# Problem details
Could you print exactly the lines from the one that contains "this 1536×1496 image." to the end of the data, both ends included, and nothing else? Skip the pictures.

# Exercise data
_____

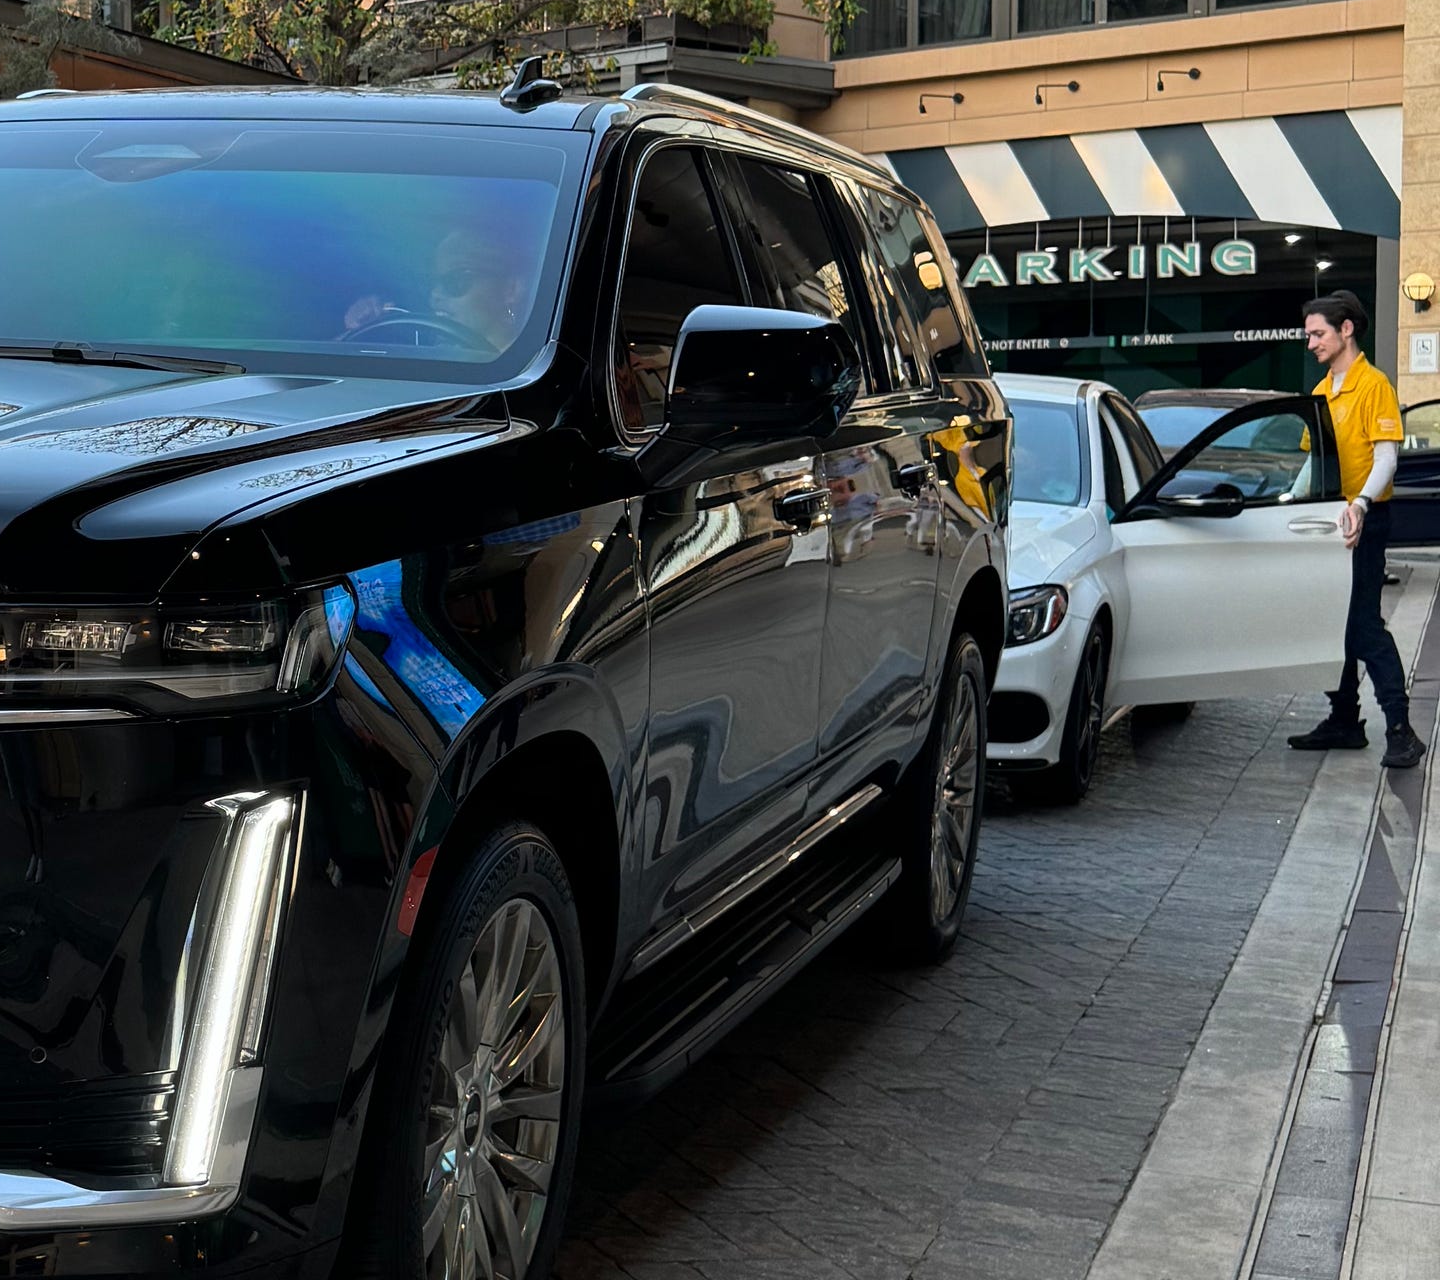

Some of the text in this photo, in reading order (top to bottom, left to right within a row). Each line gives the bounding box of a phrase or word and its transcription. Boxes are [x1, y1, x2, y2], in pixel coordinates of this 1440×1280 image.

[953, 238, 1256, 288] ARKING
[1144, 333, 1173, 345] PARK
[1233, 327, 1302, 342] CLEARANCE
[991, 339, 1014, 351] NOT
[1016, 338, 1050, 350] ENTER
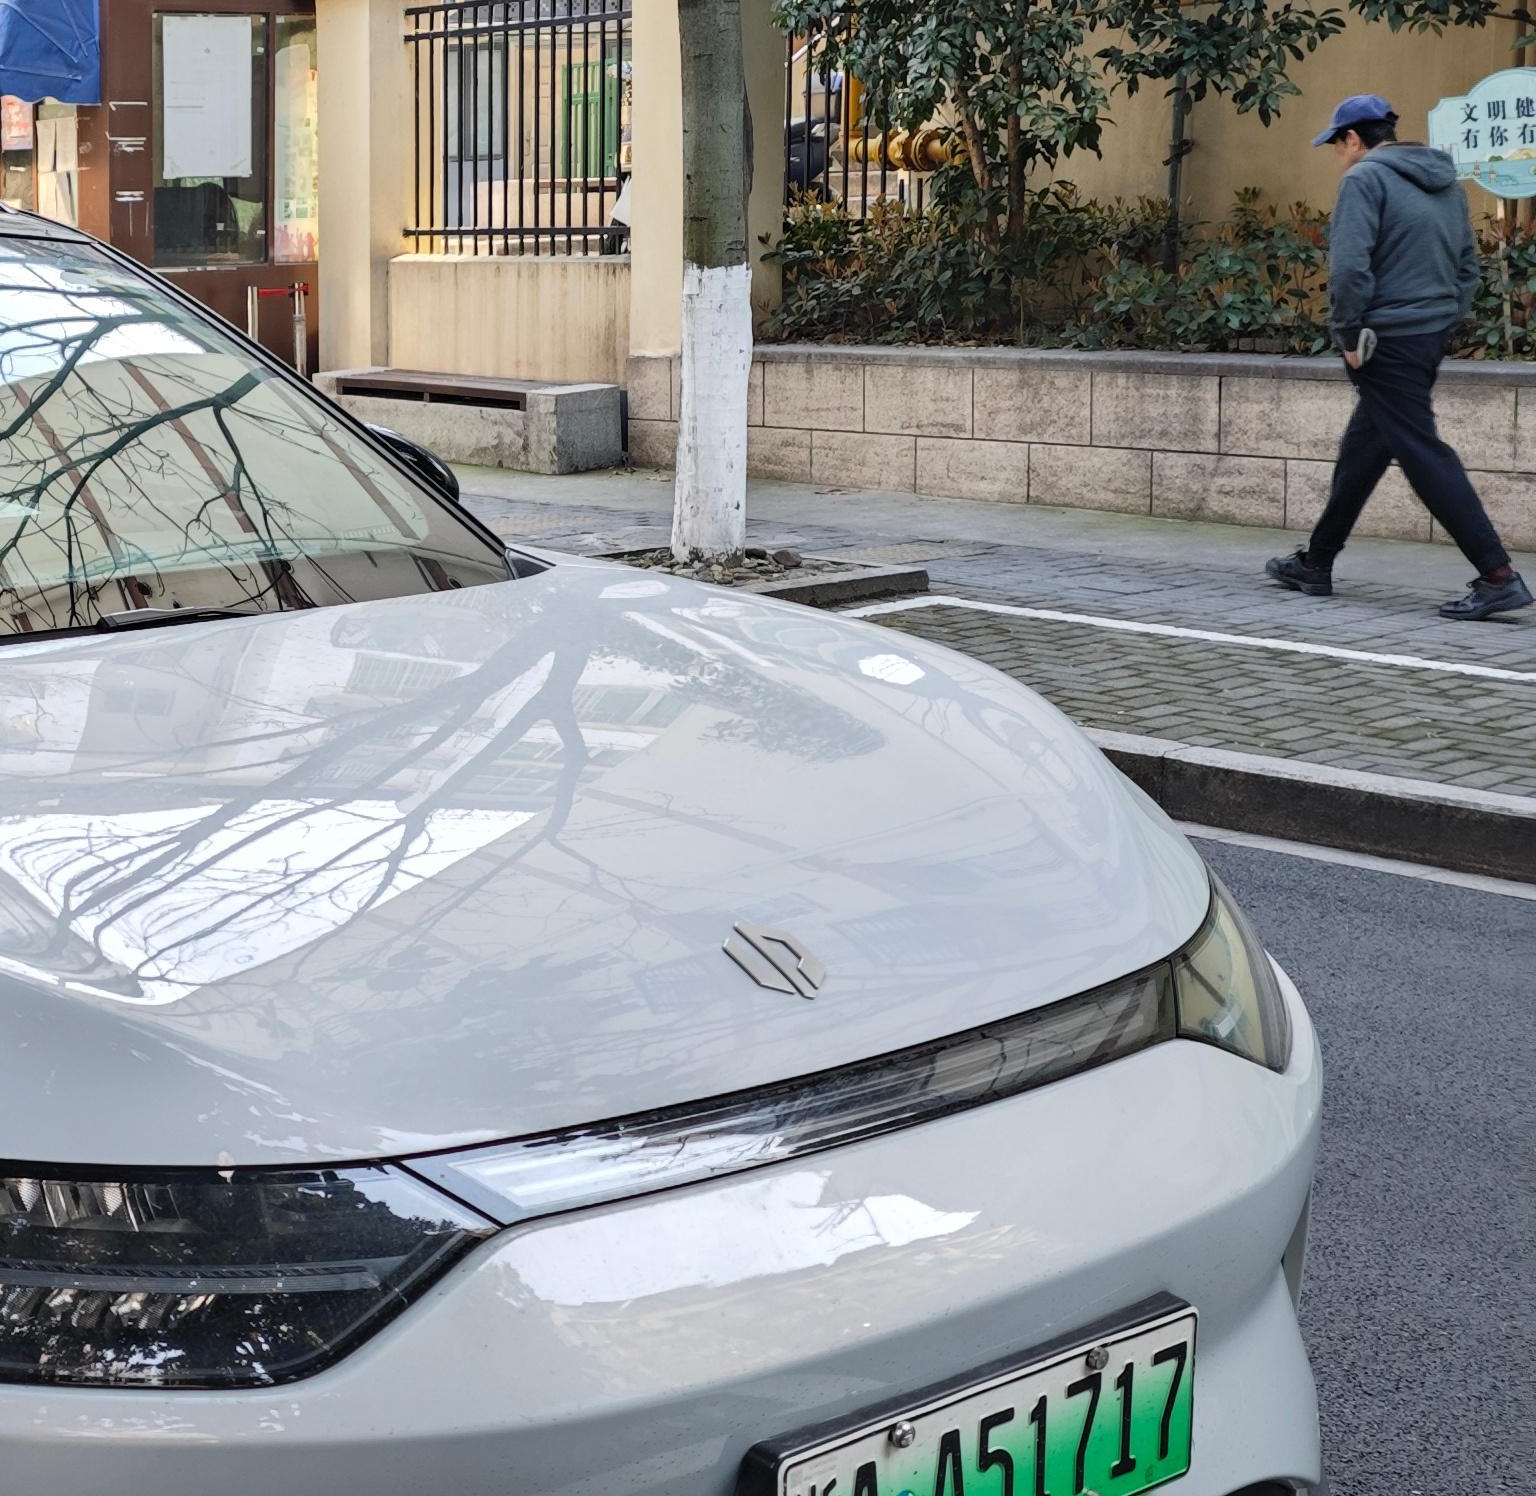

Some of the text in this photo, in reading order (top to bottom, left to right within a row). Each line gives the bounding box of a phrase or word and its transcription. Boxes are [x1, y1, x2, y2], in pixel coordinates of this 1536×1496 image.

[1460, 97, 1536, 124] 文明健
[1461, 124, 1536, 149] 有你有
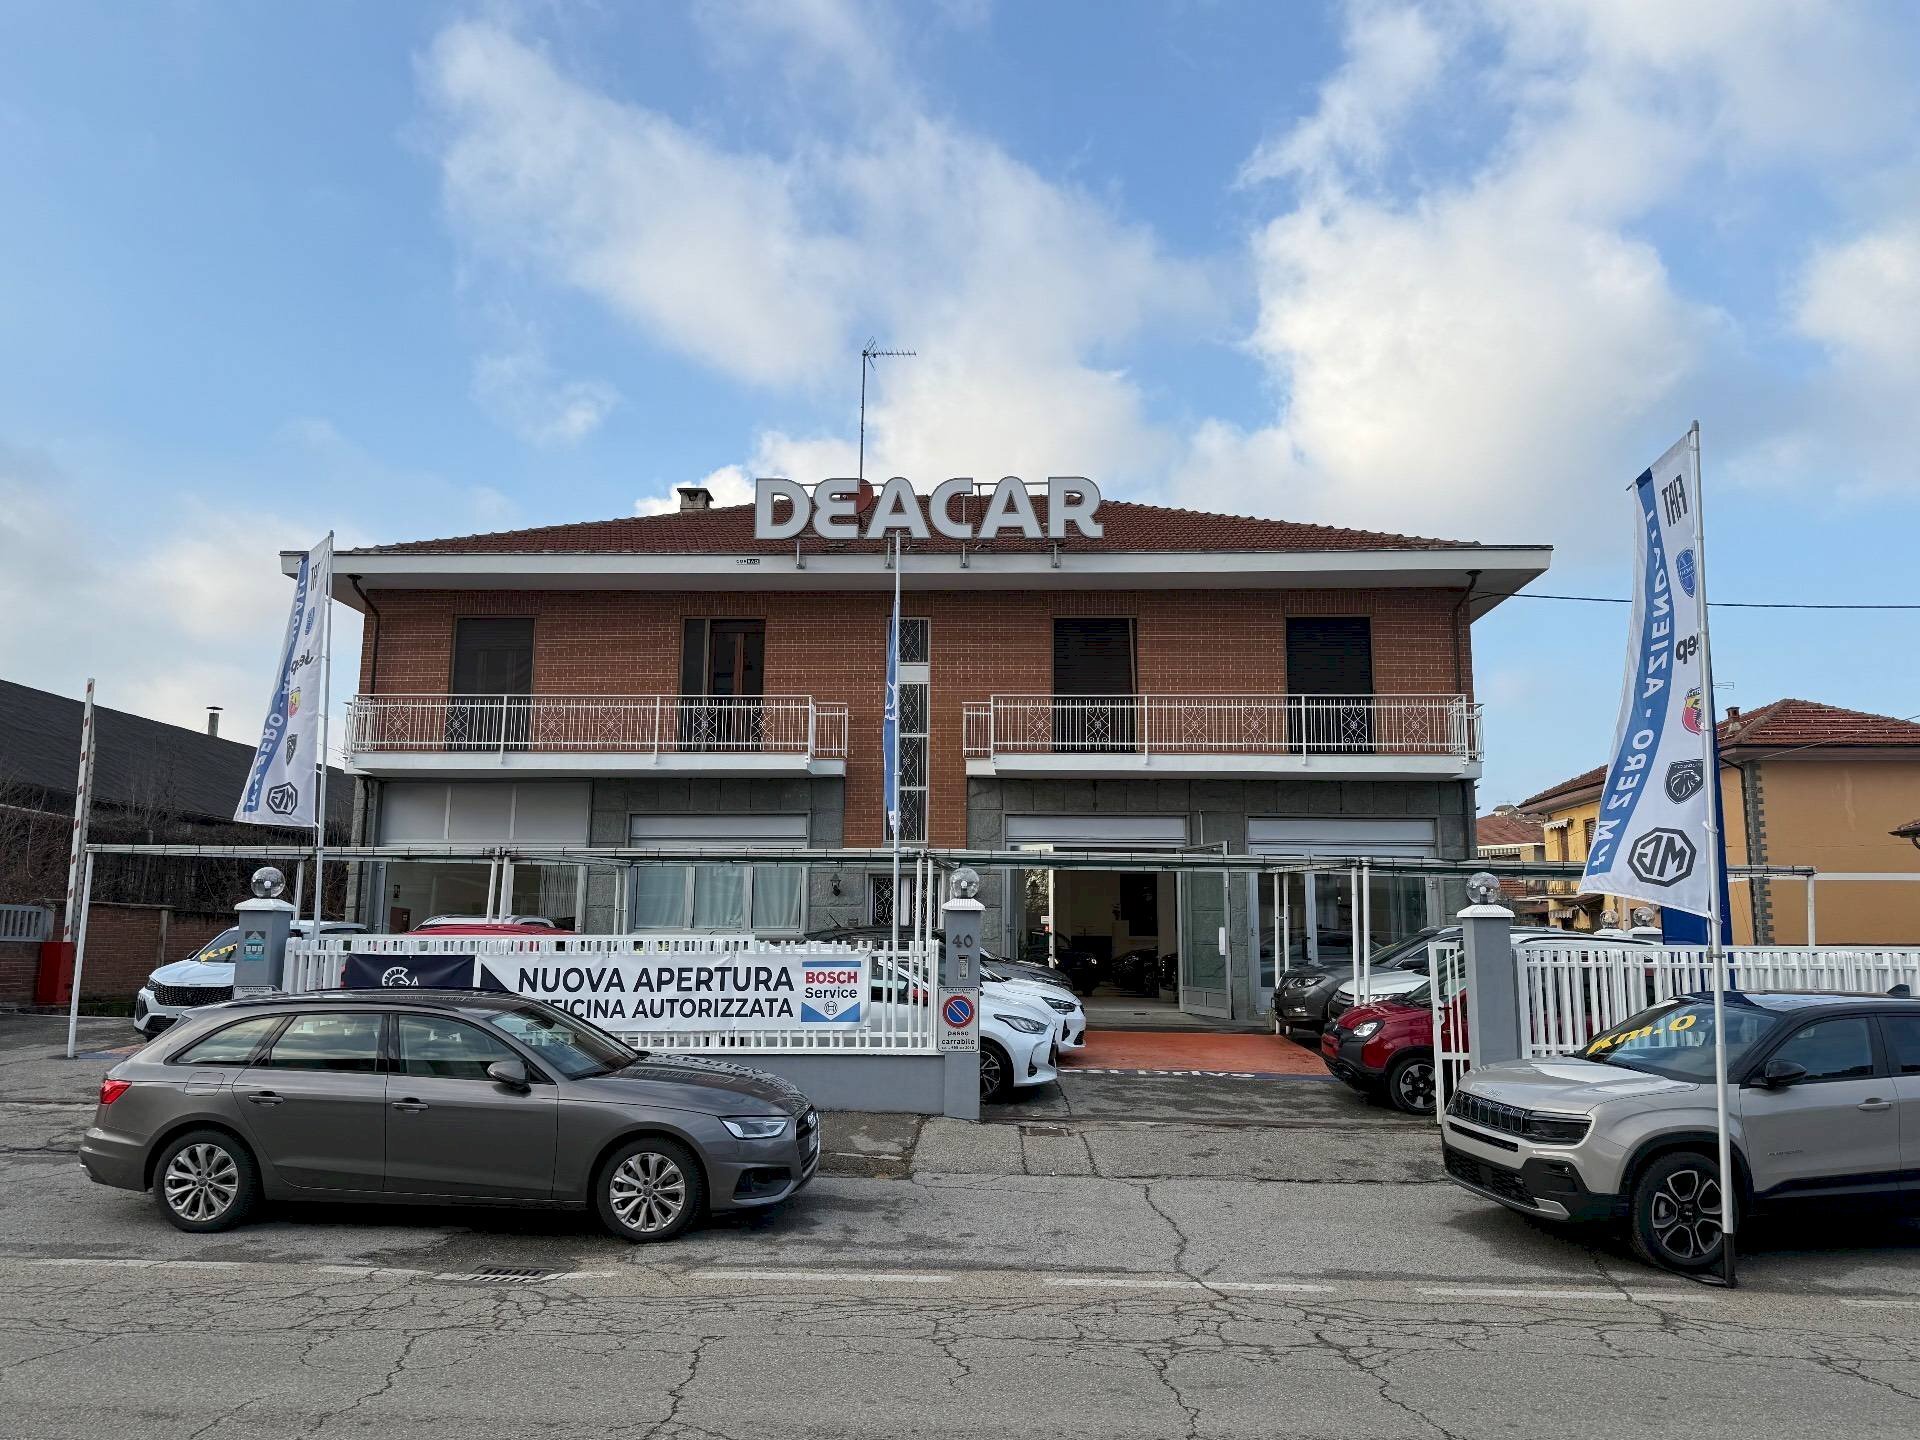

_____

# Answer section
Some of the text in this photo, in reading order (top to bottom, left to right within a row). Each line gives the bounding box of a phrase or word and its transcription. Boxes are [x1, y1, x2, y2], in pixel coordinates of this 1536×1496 image.

[1460, 97, 1536, 124] 文明健
[1461, 124, 1536, 149] 有你有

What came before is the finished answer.